Marchábamos ya de Italia poniendo fin a nuestra ruta por la Toscana y teníamos pensado pasar unos días por Francia, concretamente en la Provenza. Podíamos haber ido vía Génova y seguir por la costa hasta cruzar la frontera que hubiera sido la ruta más adecuada, pero no… Fuimos a través de Turín y después descendimos al sur por carreteras comarcales, mucho más lentas pero con un recorrido más bonito, eso sí. Pero mi intención no era disfrutar de una ruta paisajista.

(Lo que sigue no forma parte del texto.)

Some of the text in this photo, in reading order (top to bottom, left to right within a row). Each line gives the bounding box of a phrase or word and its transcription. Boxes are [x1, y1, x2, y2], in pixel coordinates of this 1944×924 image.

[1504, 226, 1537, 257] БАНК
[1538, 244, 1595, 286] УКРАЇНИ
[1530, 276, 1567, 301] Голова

Mi intención era llegar hasta la localidad de Artesina en plenas montañas de Piamonte, más concretamente en Colleto Fava, una zona de esquí famosa en Italia pero que en pleno verano es como visitar Benidorm en el mes de febrero. Sin comentarios…

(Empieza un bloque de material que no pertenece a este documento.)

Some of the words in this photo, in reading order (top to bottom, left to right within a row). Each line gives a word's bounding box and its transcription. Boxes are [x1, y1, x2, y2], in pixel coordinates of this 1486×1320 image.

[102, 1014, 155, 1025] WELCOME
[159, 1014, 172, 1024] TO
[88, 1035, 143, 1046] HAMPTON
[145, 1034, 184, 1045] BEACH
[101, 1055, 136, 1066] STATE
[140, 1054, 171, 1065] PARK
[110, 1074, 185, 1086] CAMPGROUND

Hase, el conejo rosa de Colleto Fava

Foto de Gelitin

Pero yo tenía una meta concreta. Quería ver a Hase, el conejo rosa gigante del que os hablaba antes (traducido del alemán, hase=liebre). Hase es el nombre que le pusieron al conejo sus creadores Gelitin, un grupo de artistas vieneses con un gusto por el arte un poco estrambótico. Sólo hace falta pasarse por su página web para darse cuenta de ello… Si alguna expresión artística me puede parecer extraña, las de este grupo vienés sería el claro ejemplo de cuales son. Tras ver algunas de sus obras estoy convencido que la imaginación del hombre para crear “arte” no tiene límites.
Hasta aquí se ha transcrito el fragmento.